[Material provided — start]
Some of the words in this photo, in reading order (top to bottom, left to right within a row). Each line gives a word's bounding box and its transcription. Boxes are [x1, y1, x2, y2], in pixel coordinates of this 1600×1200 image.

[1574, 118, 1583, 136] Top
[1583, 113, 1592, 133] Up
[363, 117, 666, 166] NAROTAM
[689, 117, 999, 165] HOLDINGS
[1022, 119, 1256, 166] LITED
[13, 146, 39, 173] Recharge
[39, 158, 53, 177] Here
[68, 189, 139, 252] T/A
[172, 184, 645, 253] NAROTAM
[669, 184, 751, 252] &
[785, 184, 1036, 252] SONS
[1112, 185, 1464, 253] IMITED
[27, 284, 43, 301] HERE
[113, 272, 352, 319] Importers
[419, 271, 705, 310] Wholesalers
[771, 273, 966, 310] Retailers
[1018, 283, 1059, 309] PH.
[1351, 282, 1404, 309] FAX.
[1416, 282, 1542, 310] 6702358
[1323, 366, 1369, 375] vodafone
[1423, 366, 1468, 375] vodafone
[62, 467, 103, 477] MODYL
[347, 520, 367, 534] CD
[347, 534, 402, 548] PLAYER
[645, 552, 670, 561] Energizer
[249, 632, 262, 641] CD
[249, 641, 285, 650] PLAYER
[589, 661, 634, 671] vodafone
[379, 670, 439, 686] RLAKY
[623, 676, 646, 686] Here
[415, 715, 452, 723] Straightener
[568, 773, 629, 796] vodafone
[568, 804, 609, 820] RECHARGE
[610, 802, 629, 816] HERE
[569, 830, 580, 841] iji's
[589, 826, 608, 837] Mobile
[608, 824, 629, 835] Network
[Material provided — finish]
◆ What to do
Please copy out every entry exactly, with nothing omitted.

◆ Solution for this problem
Some of the words in this photo, in reading order (top to bottom, left to right within a row). Each line gives a word's bounding box and its transcription. Boxes are [x1, y1, x2, y2], in pixel coordinates of this 1600×1200 image.

[1574, 118, 1583, 136] Top
[1583, 113, 1592, 133] Up
[363, 117, 666, 166] NAROTAM
[689, 117, 999, 165] HOLDINGS
[1022, 119, 1256, 166] LITED
[13, 146, 39, 173] Recharge
[39, 158, 53, 177] Here
[68, 189, 139, 252] T/A
[172, 184, 645, 253] NAROTAM
[669, 184, 751, 252] &
[785, 184, 1036, 252] SONS
[1112, 185, 1464, 253] IMITED
[27, 284, 43, 301] HERE
[113, 272, 352, 319] Importers
[419, 271, 705, 310] Wholesalers
[771, 273, 966, 310] Retailers
[1018, 283, 1059, 309] PH.
[1351, 282, 1404, 309] FAX.
[1416, 282, 1542, 310] 6702358
[1323, 366, 1369, 375] vodafone
[1423, 366, 1468, 375] vodafone
[62, 467, 103, 477] MODYL
[347, 520, 367, 534] CD
[347, 534, 402, 548] PLAYER
[645, 552, 670, 561] Energizer
[249, 632, 262, 641] CD
[249, 641, 285, 650] PLAYER
[589, 661, 634, 671] vodafone
[379, 670, 439, 686] RLAKY
[623, 676, 646, 686] Here
[415, 715, 452, 723] Straightener
[568, 773, 629, 796] vodafone
[568, 804, 609, 820] RECHARGE
[610, 802, 629, 816] HERE
[569, 830, 580, 841] iji's
[589, 826, 608, 837] Mobile
[608, 824, 629, 835] Network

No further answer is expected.